Instructions to follow:
Copy the lines below word for word, skipping any image.

══ Given data ══

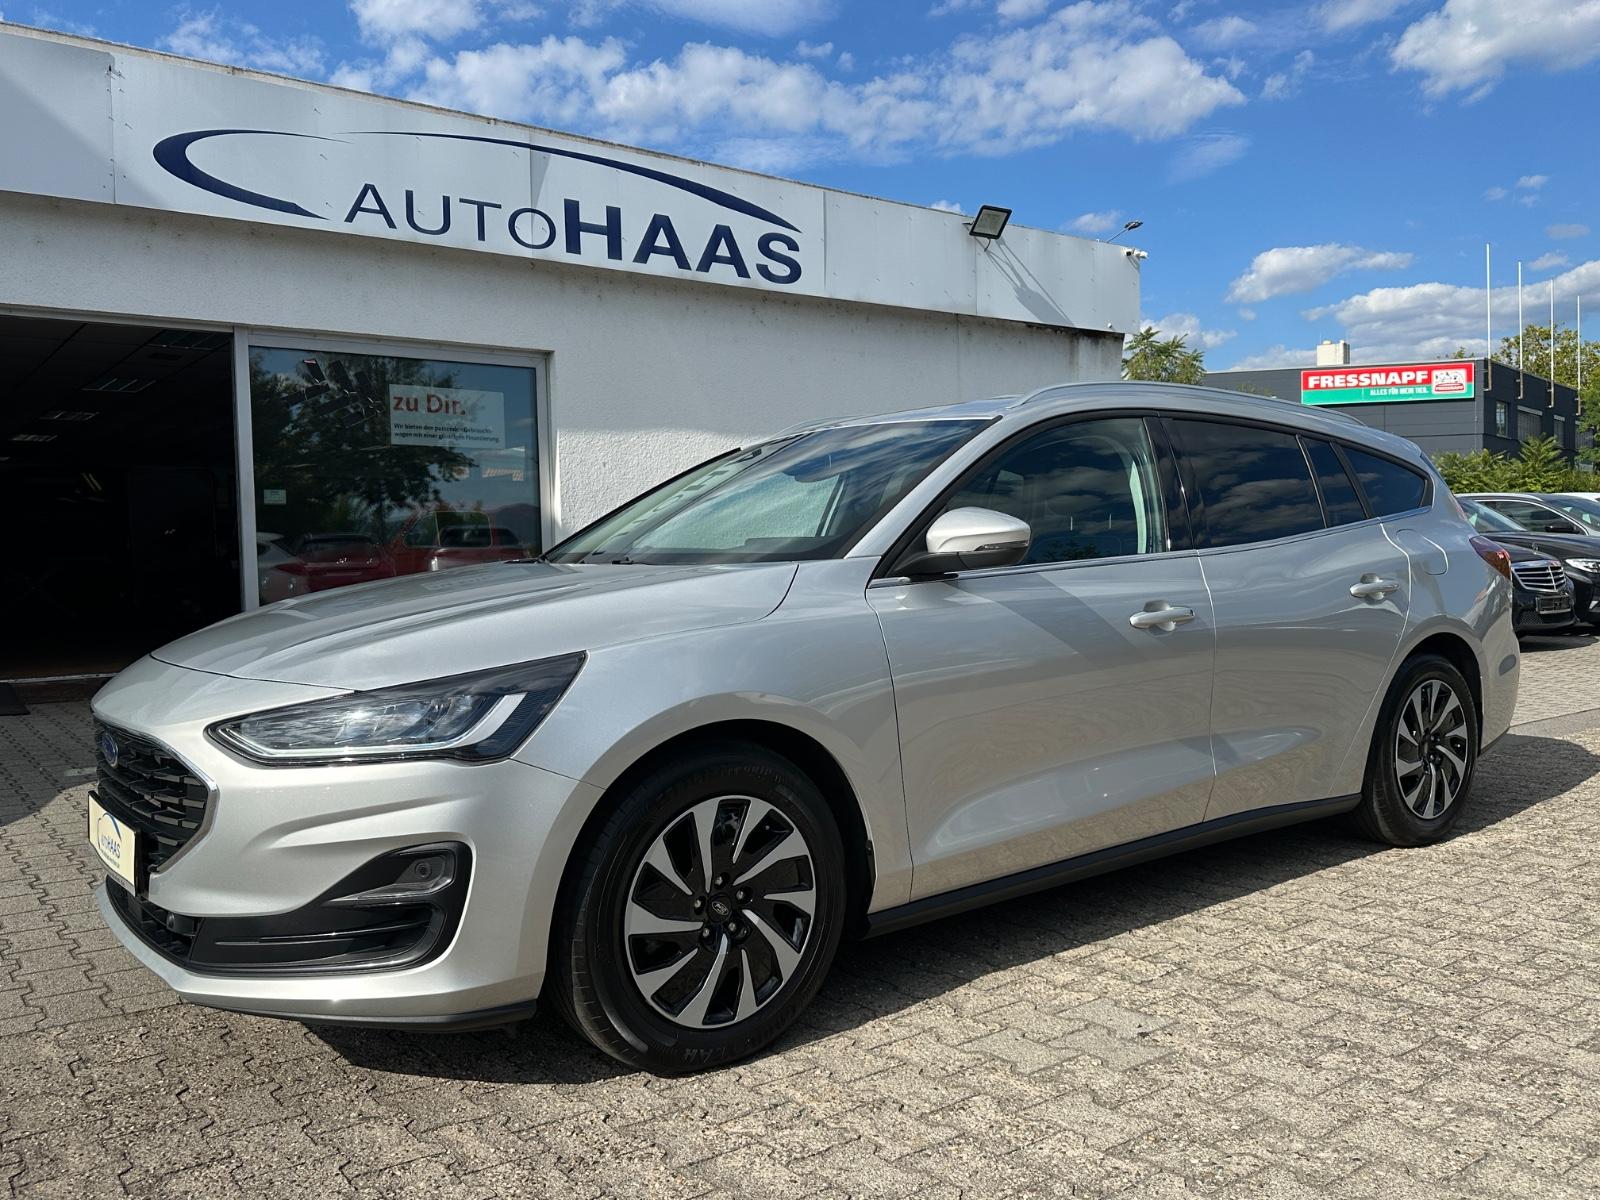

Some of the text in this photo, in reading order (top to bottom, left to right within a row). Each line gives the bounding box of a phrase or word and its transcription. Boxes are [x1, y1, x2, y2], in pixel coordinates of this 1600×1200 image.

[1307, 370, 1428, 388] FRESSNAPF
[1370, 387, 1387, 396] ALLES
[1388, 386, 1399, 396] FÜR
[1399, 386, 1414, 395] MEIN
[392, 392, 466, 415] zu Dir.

═══

Response to this exercise:
Some of the text in this photo, in reading order (top to bottom, left to right within a row). Each line gives the bounding box of a phrase or word and its transcription. Boxes are [x1, y1, x2, y2], in pixel coordinates of this 1600×1200 image.

[1307, 370, 1428, 388] FRESSNAPF
[1370, 387, 1387, 396] ALLES
[1388, 386, 1399, 396] FÜR
[1399, 386, 1414, 395] MEIN
[392, 392, 466, 415] zu Dir.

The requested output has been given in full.